HC Deb 30 November 1920 vol 135 cc1152-3W
Captain O'GRADY

asked the Attorney-General whether his attention has been called to the action brought by a judge of the Chancery Court and others for an injunction against a firm in Battersea in respect of an alleged nuisance caused by a new invention for cutting steel, which injunction would involve the unemployment of 150 men; whether the plaintiffs in the action resisted all applications for trial by jury; and whether, having regard to the fact that the case was tried by a judge usually sitting in the same Court as one of the plaintiffs, the Government will consider the desirability, in order to place the administration of justice above all suspicion, of rescinding the Juries Act of 1918, which was intended for the continuance of the War and for six months thereafter?

Sir G. HEWART

I read, in the ordinary course, a newspaper report of the case which appears to be referred to.
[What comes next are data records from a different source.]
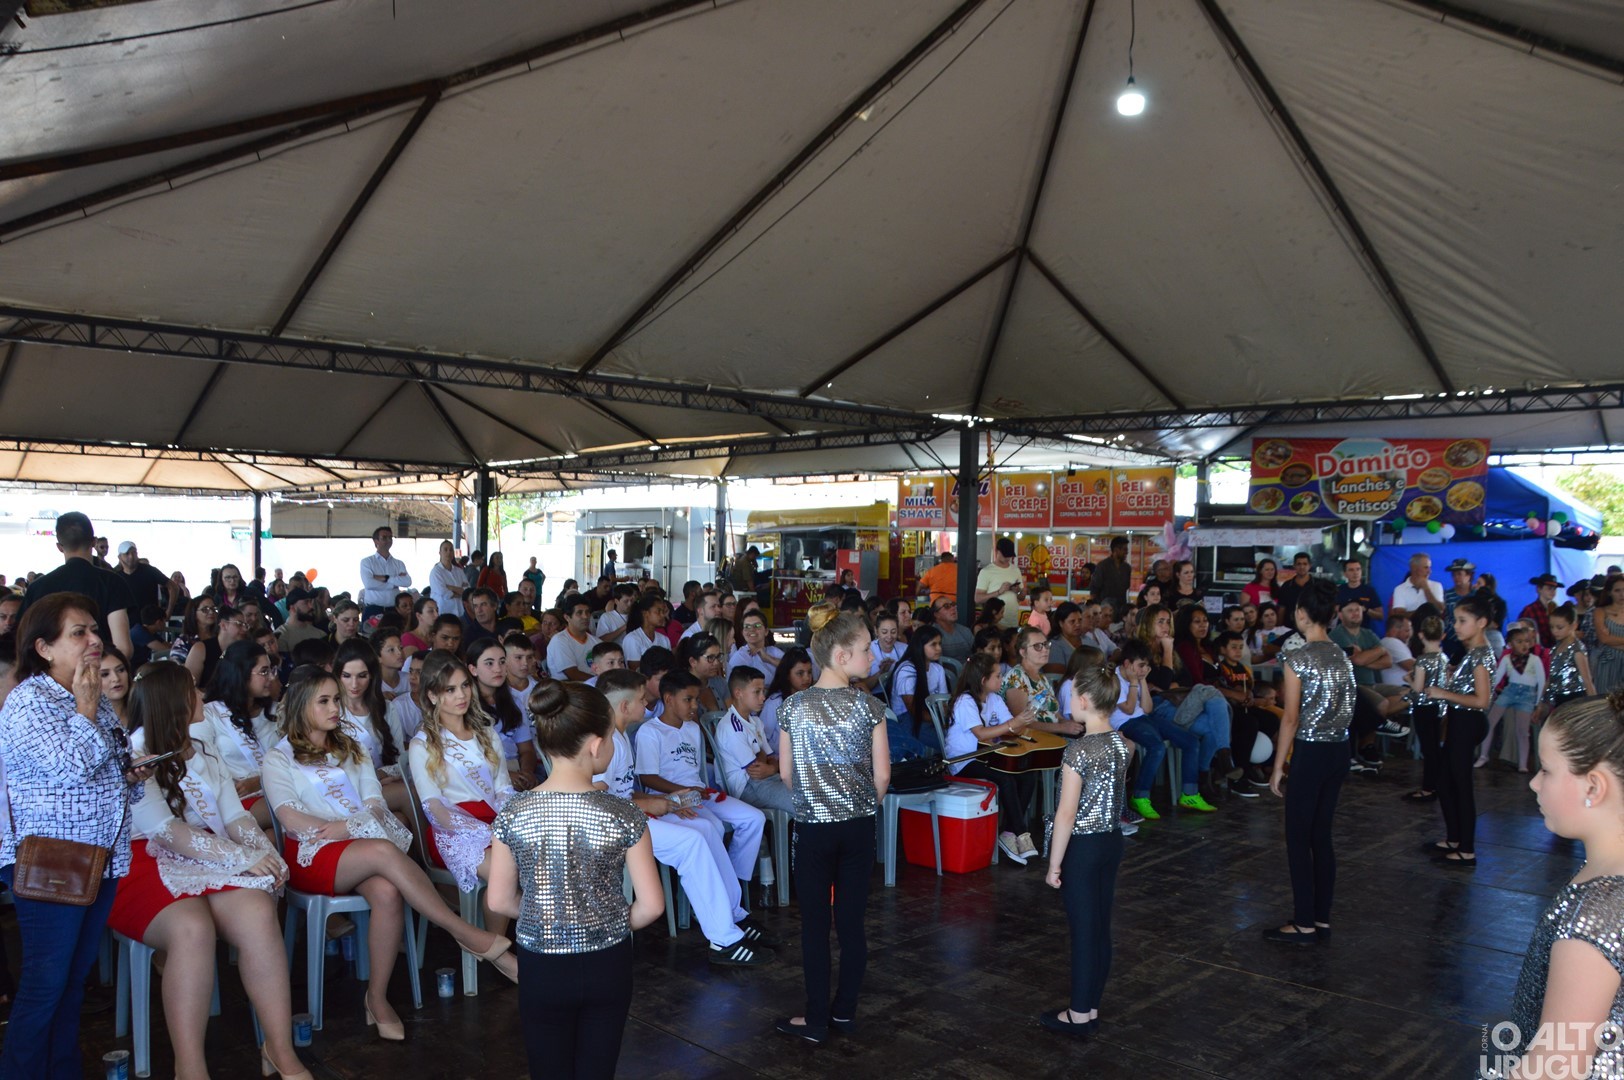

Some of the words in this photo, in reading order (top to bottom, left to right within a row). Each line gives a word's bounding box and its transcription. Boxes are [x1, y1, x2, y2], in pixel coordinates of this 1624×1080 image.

[1315, 446, 1430, 478] Damião
[1005, 485, 1026, 497] REI
[1061, 482, 1083, 494] REI
[1121, 480, 1144, 493] REI
[1331, 477, 1391, 494] Lanches
[1395, 480, 1405, 489] e
[905, 497, 936, 506] MILK
[1010, 497, 1048, 511] CREPE
[1067, 494, 1107, 510] CREPE
[1127, 493, 1170, 508] CREPE
[1338, 499, 1398, 513] Petiscos
[899, 508, 942, 519] SHAKE
[1047, 545, 1067, 556] REI
I do not know whether the plaintiffs resisted applications for trial by jury, but in view of the technical questions involved, and the length of the case, it is obvious that trial with a jury would have been most unusual and unsuitable. There is no foundation for the suggestion that the learned judge who tried the case usually, or at all, sits in the same Court with the learned judge who was one of the plaintiffs, and if what is meant is that the trial was unfair, no insinuation could be more improper. With regard to the last few lines of the question, the Juries Act, 1918, has no bearing upon this case, which was commenced and tried in the Chancery Division, nor is any step required to place the administration of justice in this country above suspicion.